The last of the Keepers in sight fled, vanishing into the glowing trees. All that remained was for Tavi to accomplish his part of the plan.
A lump crept up into his throat, and his knees felt like someone had simply slipped the muscles and tendons out of them. He thought that they might abruptly buckle and pitch him to the surface of the croach at any time, he was so afraid. He struggled to keep his breathing slow and quiet, to make sure that his trembling didn’t result in any twitches that the Keepers would see as sudden, jerky movement, and stepped forward, into the trunk of the tree.
Inside, the croach wasn’t in a smooth layer on the floor and walls — it was spilled and dumped and heaped and piled like wheat in a granary. Great swirling loops of it twirled up the walls or wound intricately through one another like the guts of some great and glowing beast. Tavi stared at them for a moment, in confusion and incomprehension.

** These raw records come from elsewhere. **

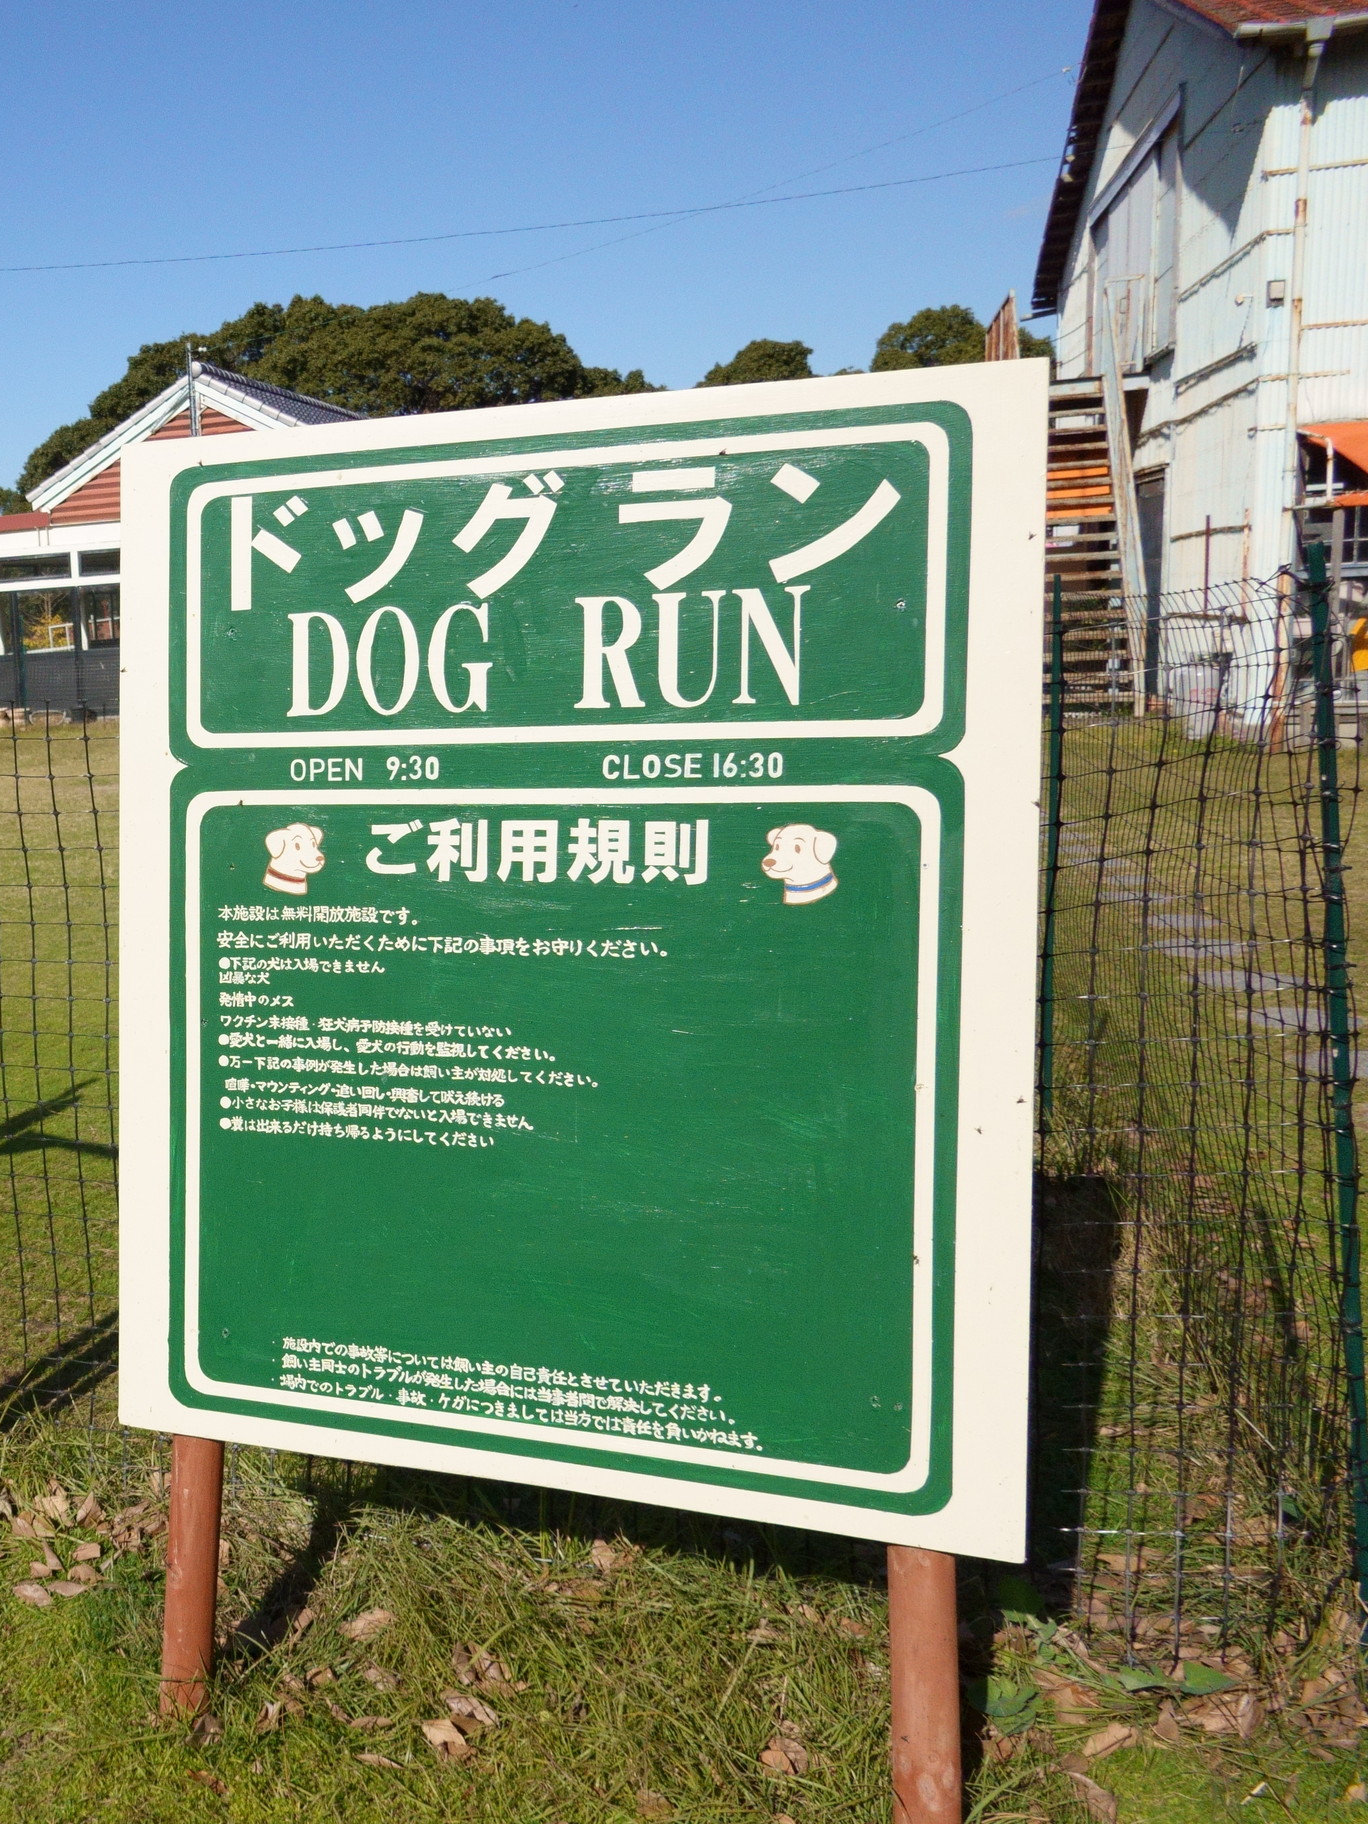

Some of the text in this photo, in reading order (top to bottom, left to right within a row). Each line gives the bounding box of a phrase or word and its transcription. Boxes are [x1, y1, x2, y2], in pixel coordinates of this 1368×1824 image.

[286, 584, 812, 718] DOG RUN
[290, 755, 440, 783] OPEN 9:30
[602, 752, 784, 780] CLOSE 16:30
[364, 818, 711, 886] ご利用規則
[218, 905, 419, 925] 本施設は無料開放施設です。
[217, 930, 668, 958] 安全にご利用いただくために下記の事項をお守りください。
[219, 971, 270, 985] 凶暴な犬
[219, 991, 294, 1007] 発情中のメス

It was beautiful, in a bizarre, alien way — strange and unsettling and fascinating.
He jerked his eyes from one of the more intricate structures and moved closer to a wall, where it would be less likely for a newly entered Keeper to simply bump into him, looking around, struggling to orient himself according to Kitai’s description.

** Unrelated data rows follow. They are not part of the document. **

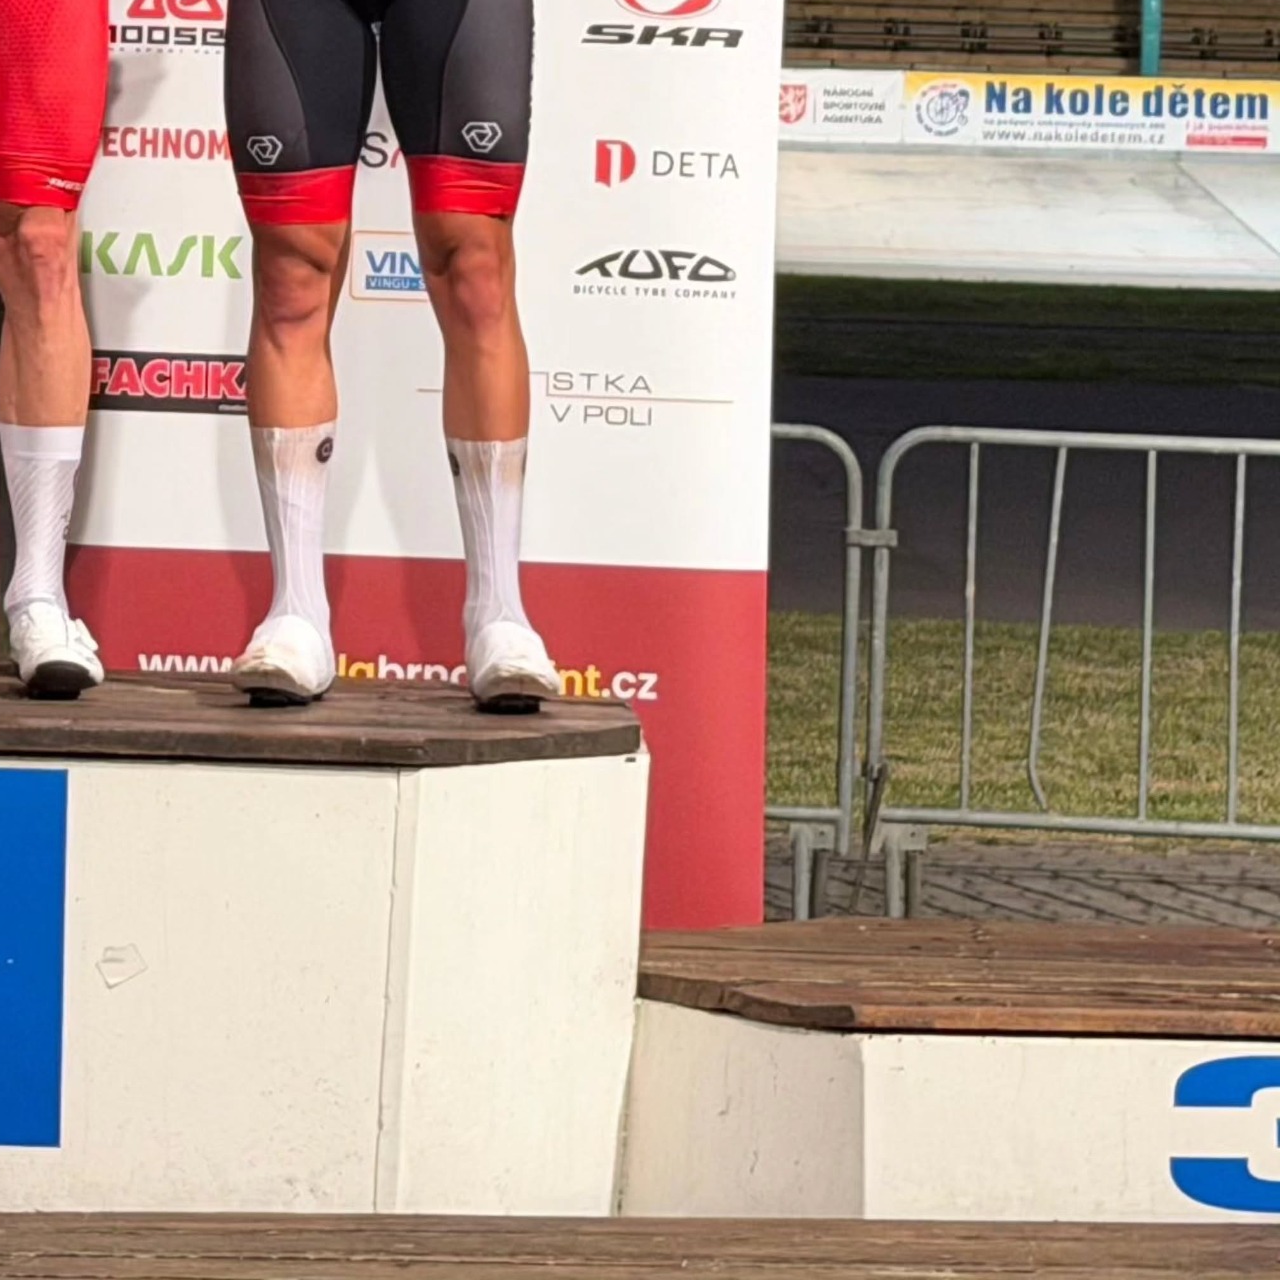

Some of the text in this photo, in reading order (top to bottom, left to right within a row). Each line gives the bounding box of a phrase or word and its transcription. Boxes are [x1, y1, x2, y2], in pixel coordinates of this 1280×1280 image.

[581, 24, 743, 48] SKA
[985, 81, 1032, 113] Na
[1045, 83, 1130, 116] kole
[1142, 84, 1269, 119] dětem
[102, 127, 231, 160] ECHNOM
[652, 151, 739, 179] DETA
[82, 232, 242, 279] KASK
[575, 249, 736, 282] TUFO
[573, 284, 627, 296] BICYCLE
[674, 288, 737, 299] COMPANY
[91, 358, 247, 400] FACHK
[551, 404, 652, 426] V POLI

He paced deeper into the eerie stillness inside the tree, around a mound of whirled croach that looked like an anthill and forward through a small field of lumpy croach, which could have contained another thousand Keepers, silent beneath the surface.

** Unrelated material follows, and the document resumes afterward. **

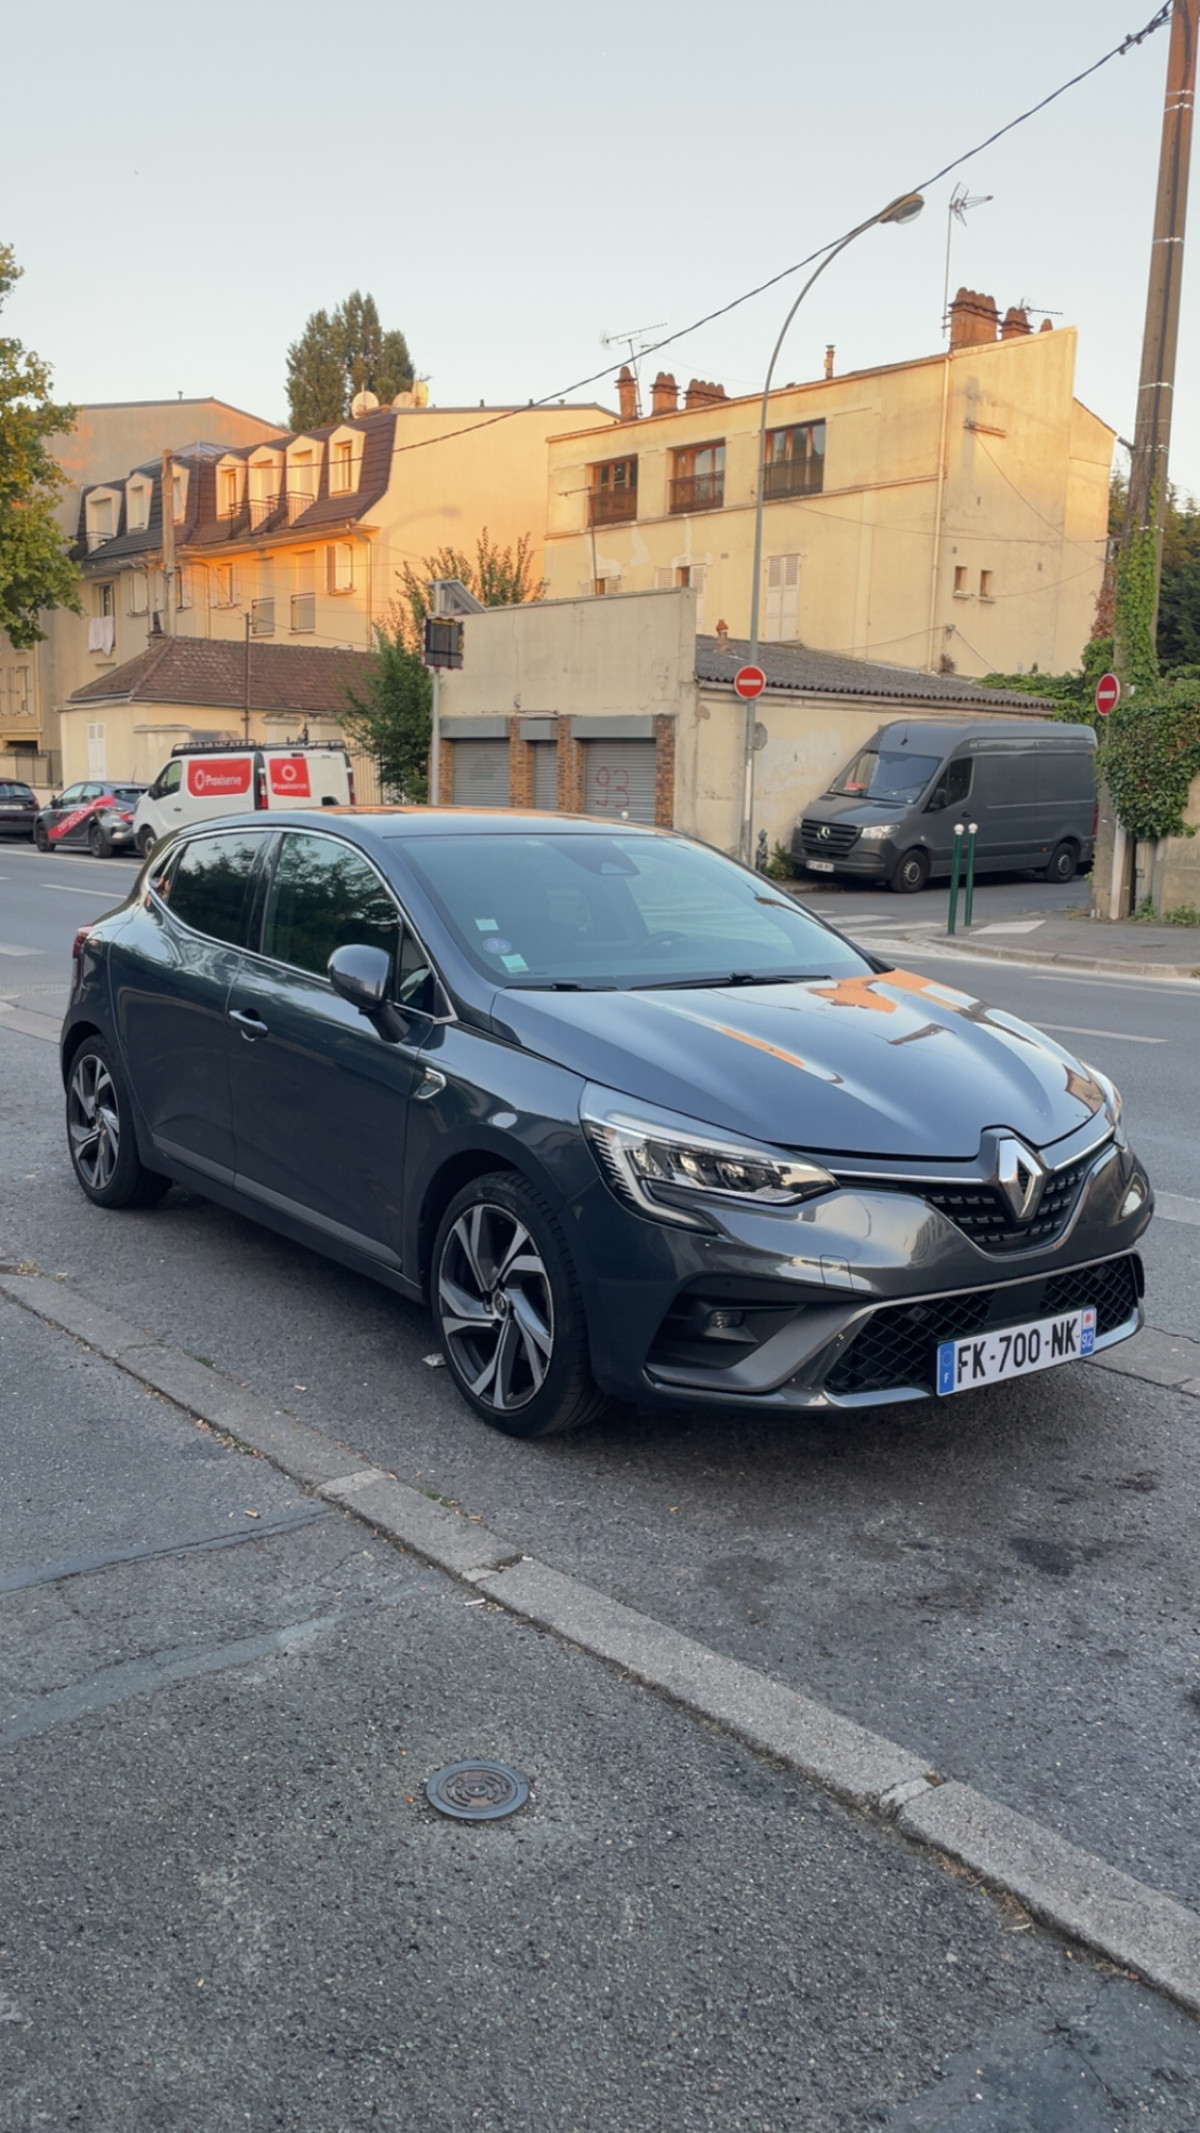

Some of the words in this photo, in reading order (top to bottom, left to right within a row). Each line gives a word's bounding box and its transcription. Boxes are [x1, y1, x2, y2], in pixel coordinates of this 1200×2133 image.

[1081, 1332, 1094, 1348] 92
[957, 1318, 1078, 1384] FK-700-NK
[944, 1372, 949, 1384] F

He found the mushrooms in a ring at the center of the field, just as Kitai had said. They grew at the base of a glowing mound twice the height of a man, as big around as a small house. The mound pulsed with greenish light, and Tavi thought he could see the shadow of something dark, something slender within.
He drew closer, a sensation of raw dread flowing over him like an icy bath, even worse than the soaked blanket he wore as a cloak. His knees grew weaker, and his breathing, despite his best efforts, became ragged.
Kitai was rather pretty, he thought. Though she was a savage, there was something about her face, her eyes, that he found intriguing. If she wasn’t dressed up in a ragged smock (which really was shamefully short now that he thought about it), she might look more like a girl, less wild. Of course, he had begun to see her without the smock. If he had told her to get more into the water, she might have taken it off altogether. The thought made his cheeks burn, but lingered in front of him, enticing in its exotic appeal.
Tavi shook his head abruptly. What was the matter with him? He had to be careful and get the Blessing of Night. The dark mushrooms had some kind of spiny thorns on their undersides, Kitai had said, which had pierced her hand once and left welts that lasted for months.
He glanced up and around him, but saw no Keepers. That could be an illusion, he knew, There could be a dozen within arm’s reach, But no matter how afraid he was, Tavi had to press on.
That was the history of his people, after all. The Alerans had never let fear or the odds of failure deter them from overcoming, prospering. Their oldest histories, his uncle had once told him, reached so far back into time that the hide and vellum and stone they had been scribed upon had worn away. They had come to Carna from another place, a small band of only a few thousand, and had found themselves pitched against an entire world. They had overcome the Icemen, the Children of the Sun and their stronghold in the Feverthorn Jungle, had repelled the Marat and the Canim over the centuries to claim the land of Alera as their own. They controlled the seas around their home, had walled out the Icemen in the north, overcome the Marat through sheer savage fighting. With their furies and their furycrafting, the Alerans dominated the world, and no other race or peoples could claim mastery over them.